IEEE Trans Signal Process. 2022;70:686-700. doi: 10.1109/tsp.2022.3143471. Epub 2022 Jan 14.
Angular path integration is the ability of a system to estimate its own heading direction from potentially noisy angular velocity (or increment) observations. Non-probabilistic algorithms for angular path integration, which rely on a summation of these noisy increments, do not appropriately take into account the reliability of such observations, which is essential for appropriately weighing one's current heading direction estimate against incoming information. In a probabilistic setting, angular path integration can be formulated as a continuous-time nonlinear filtering problem (circular filtering) with observed state increments. The circular symmetry of heading direction makes this inference task inherently nonlinear, thereby precluding the use of popular inference algorithms such as Kalman filters, rendering the problem analytically inaccessible. Here, we derive an approximate solution to circular continuous-time filtering, which integrates state increment observations while maintaining a fixed representation through both state propagation and observational updates. Specifically, we extend the established projection-filtering method to account for observed state increments and apply this framework to the circular filtering problem. We further propose a generative model for continuous-time angular-valued direct observations of the hidden state, which we integrate seamlessly into the projection filter. Applying the resulting scheme to a model of probabilistic angular path integration, we derive an algorithm for circular filtering, which we term the circular Kalman filter.

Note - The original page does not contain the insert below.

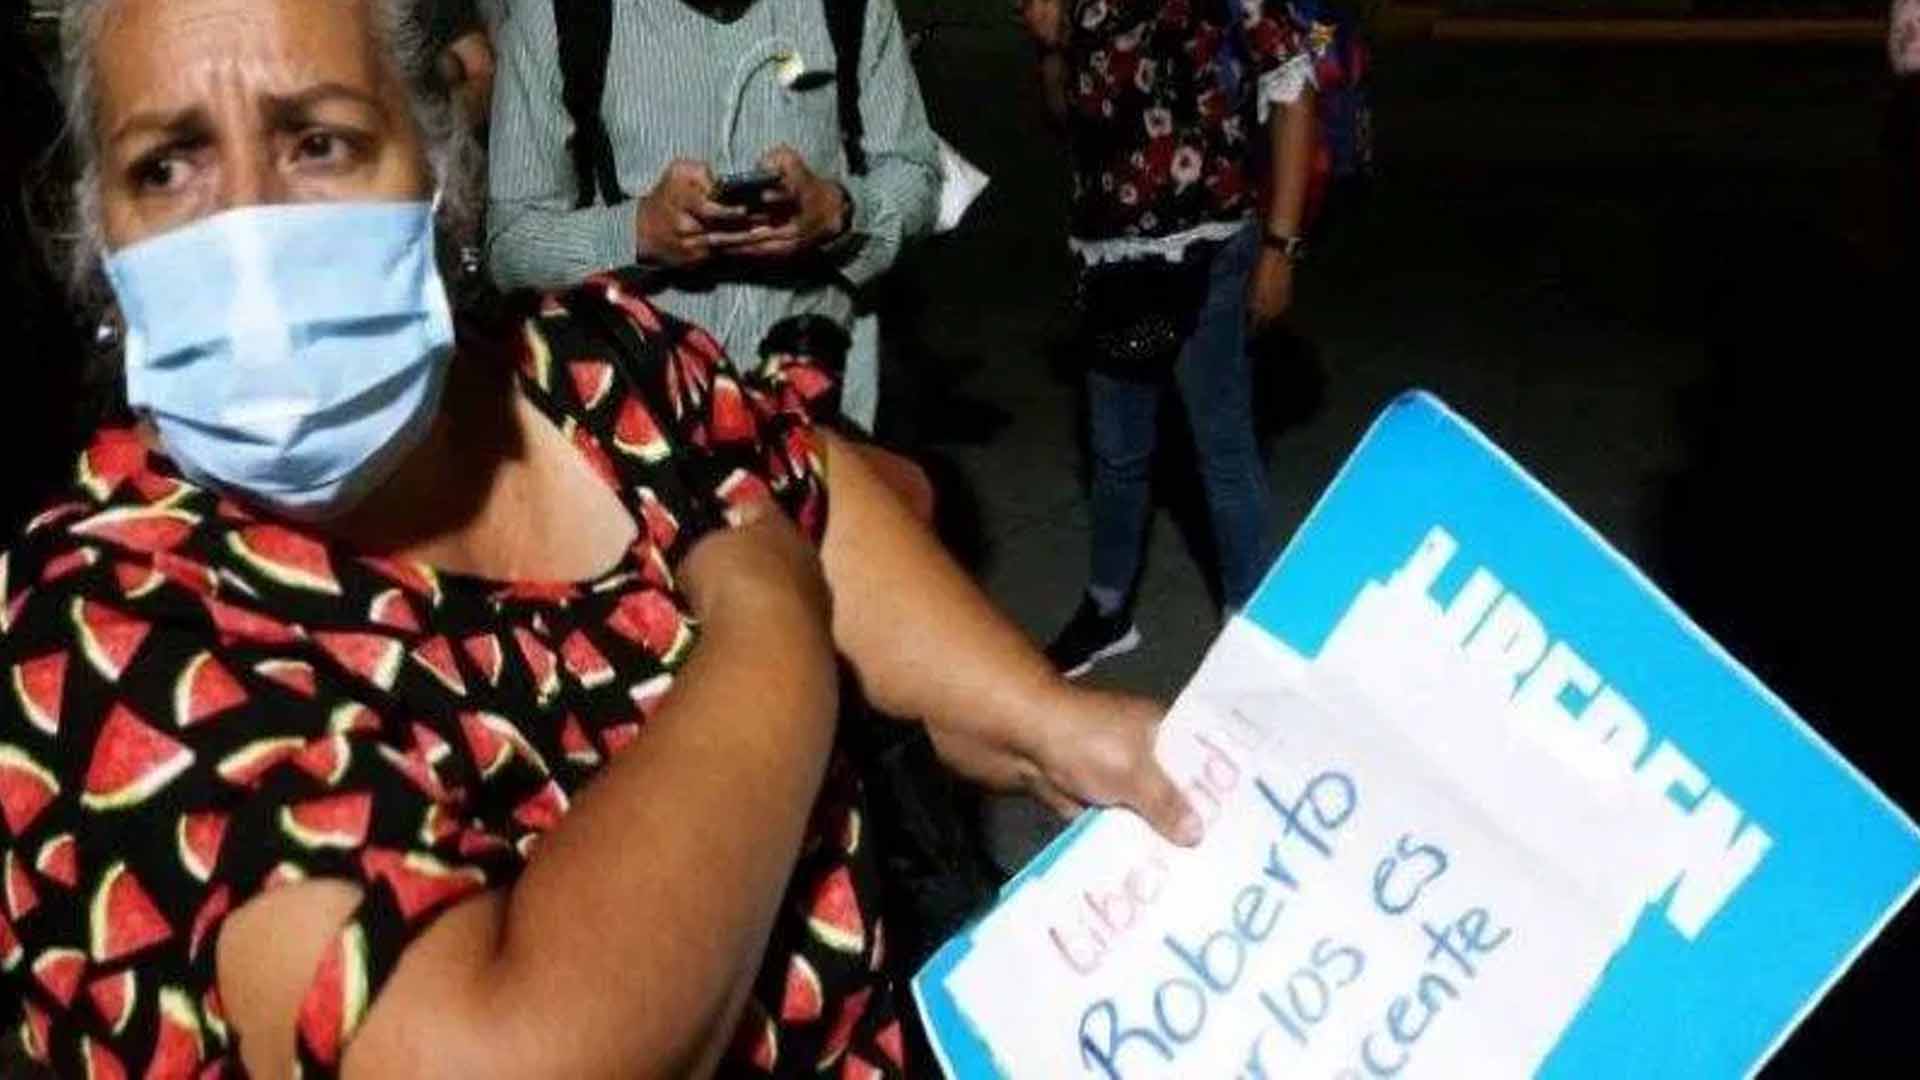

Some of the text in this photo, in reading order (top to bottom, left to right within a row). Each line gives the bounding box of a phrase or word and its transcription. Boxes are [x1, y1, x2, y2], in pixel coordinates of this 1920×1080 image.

Importantly, this algorithm is analytically accessible, interpretable, and outperforms an alternative filter based on a Gaussian approximation.
角路径积分是一个系统根据潜在有噪声的角速度(或增量)观测值来估计自身航向方向的能力。用于角路径积分的非概率算法依赖于这些有噪声增量的求和,没有适当地考虑此类观测的可靠性,而这种可靠性对于根据传入信息合理权衡当前航向方向估计至关重要。在概率设定中,角路径积分可被表述为一个具有观测状态增量的连续时间非线性滤波问题(循环滤波)。航向方向的圆对称性使得这个推理任务本质上是非线性的,从而排除了使用诸如卡尔曼滤波器等流行推理算法的可能性,使得该问题在分析上难以处理。在此,我们推导出循环连续时间滤波的近似解,它在通过状态传播和观测更新保持固定表示的同时,整合状态增量观测值。具体而言,我们扩展已有的投影滤波方法以考虑观测到的状态增量,并将此框架应用于循环滤波问题。我们还为隐藏状态的连续时间角值直接观测提出了一个生成模型,并将其无缝集成到投影滤波器中。将所得方案应用于概率角路径积分模型,我们推导出一种循环滤波算法,我们将其称为循环卡尔曼滤波器。重要的是,该算法在分析上是可处理的、可解释的,并且优于基于高斯近似的替代滤波器。